What you will do → A faithful, word-for-word copy of the records is required, and it must contain no pictures.

Exercise inputs →
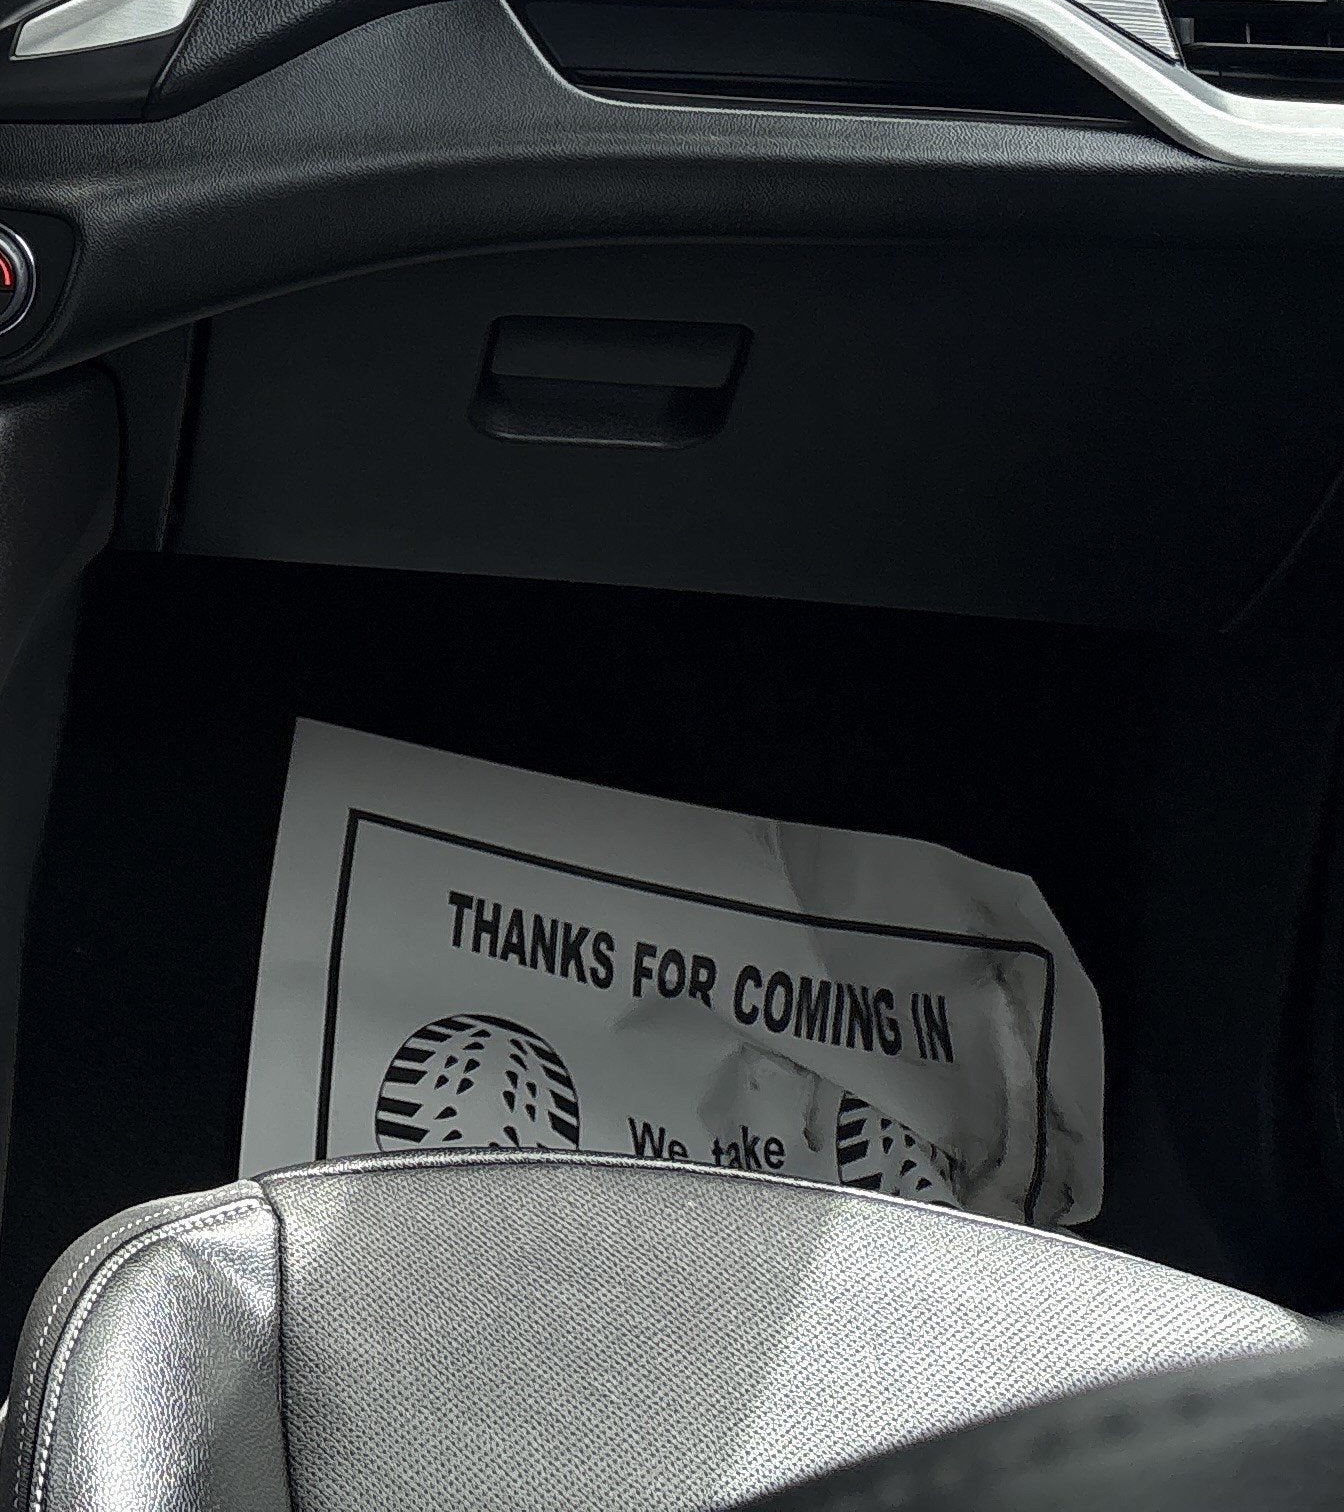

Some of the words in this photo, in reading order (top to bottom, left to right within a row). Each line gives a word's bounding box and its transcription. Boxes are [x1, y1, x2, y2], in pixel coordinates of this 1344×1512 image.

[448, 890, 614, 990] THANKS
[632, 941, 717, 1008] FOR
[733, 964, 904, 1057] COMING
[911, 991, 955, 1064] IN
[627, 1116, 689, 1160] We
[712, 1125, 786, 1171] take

Solution to this problem →
Some of the words in this photo, in reading order (top to bottom, left to right within a row). Each line gives a word's bounding box and its transcription. Boxes are [x1, y1, x2, y2], in pixel coordinates of this 1344×1512 image.

[448, 890, 614, 990] THANKS
[632, 941, 717, 1008] FOR
[733, 964, 904, 1057] COMING
[911, 991, 955, 1064] IN
[627, 1116, 689, 1160] We
[712, 1125, 786, 1171] take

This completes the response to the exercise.